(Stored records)
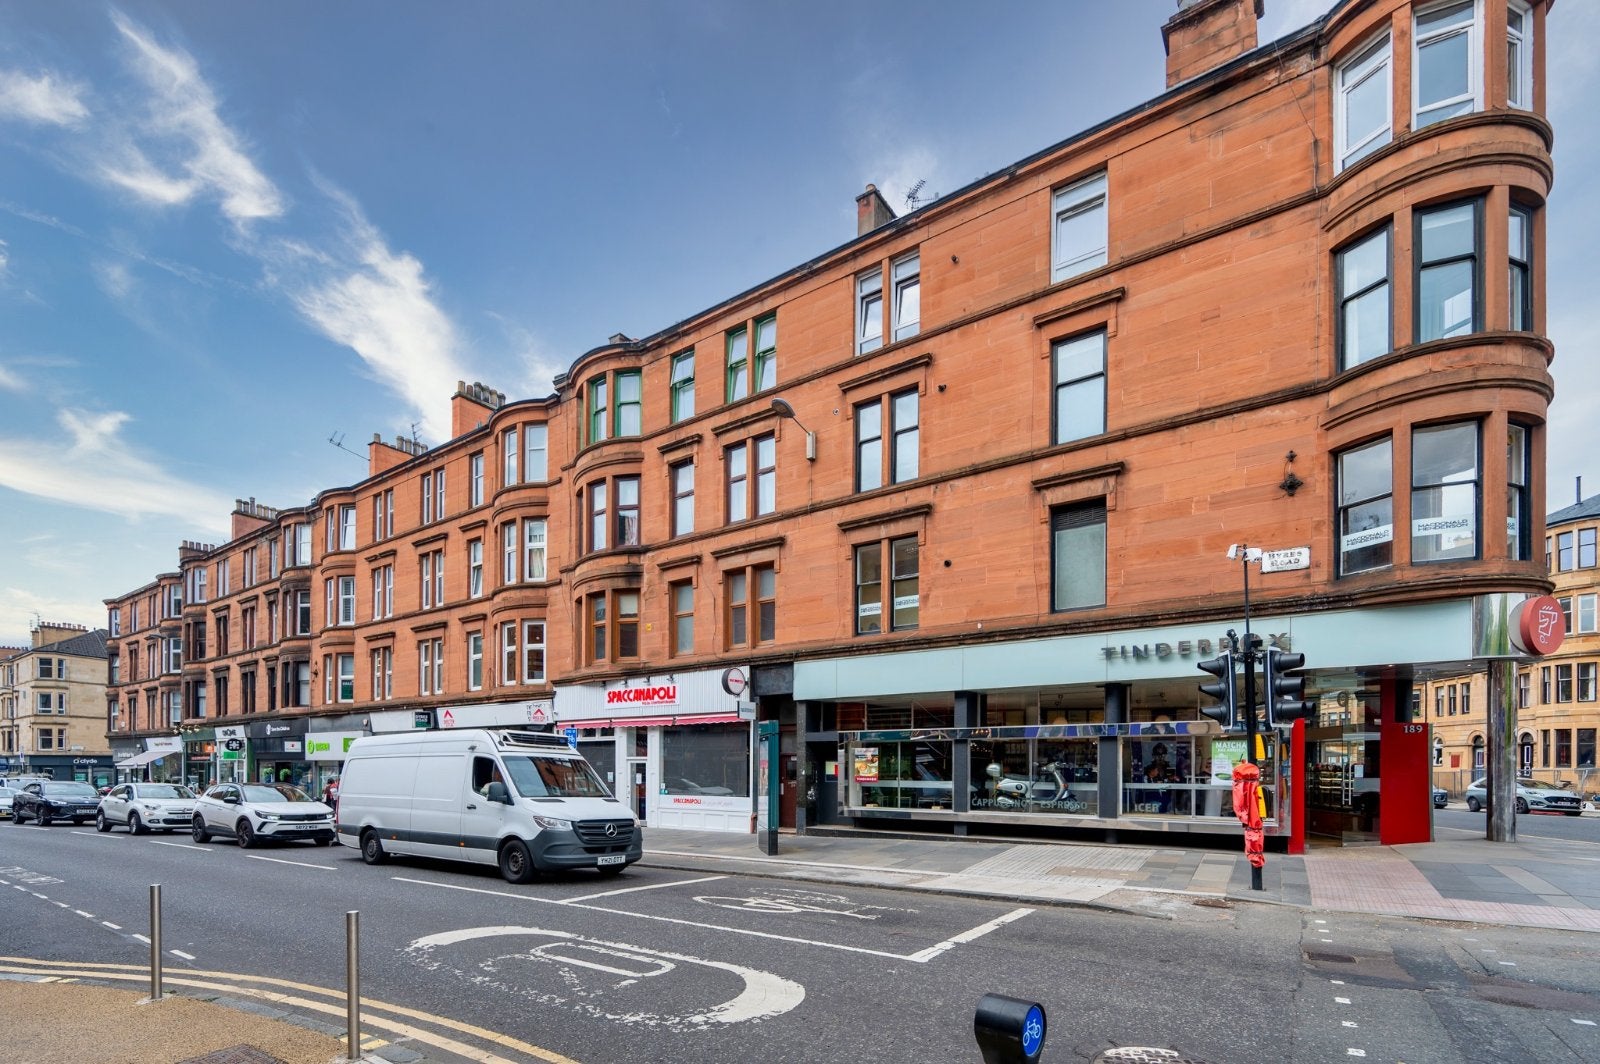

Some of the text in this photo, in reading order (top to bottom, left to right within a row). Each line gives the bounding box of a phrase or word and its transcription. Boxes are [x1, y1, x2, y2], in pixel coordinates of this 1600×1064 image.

[1268, 551, 1302, 559] BYRES
[1270, 558, 1300, 567] ROAD
[607, 685, 676, 704] SPACCANAPOLI
[1403, 725, 1423, 733] 189
[1215, 741, 1247, 749] MATCHA

→ Work instructions
Output all lines above precisely. Pictures are to be left out.

→ Solution for this problem
Some of the text in this photo, in reading order (top to bottom, left to right within a row). Each line gives the bounding box of a phrase or word and its transcription. Boxes are [x1, y1, x2, y2], in pixel coordinates of this 1600×1064 image.

[1268, 551, 1302, 559] BYRES
[1270, 558, 1300, 567] ROAD
[607, 685, 676, 704] SPACCANAPOLI
[1403, 725, 1423, 733] 189
[1215, 741, 1247, 749] MATCHA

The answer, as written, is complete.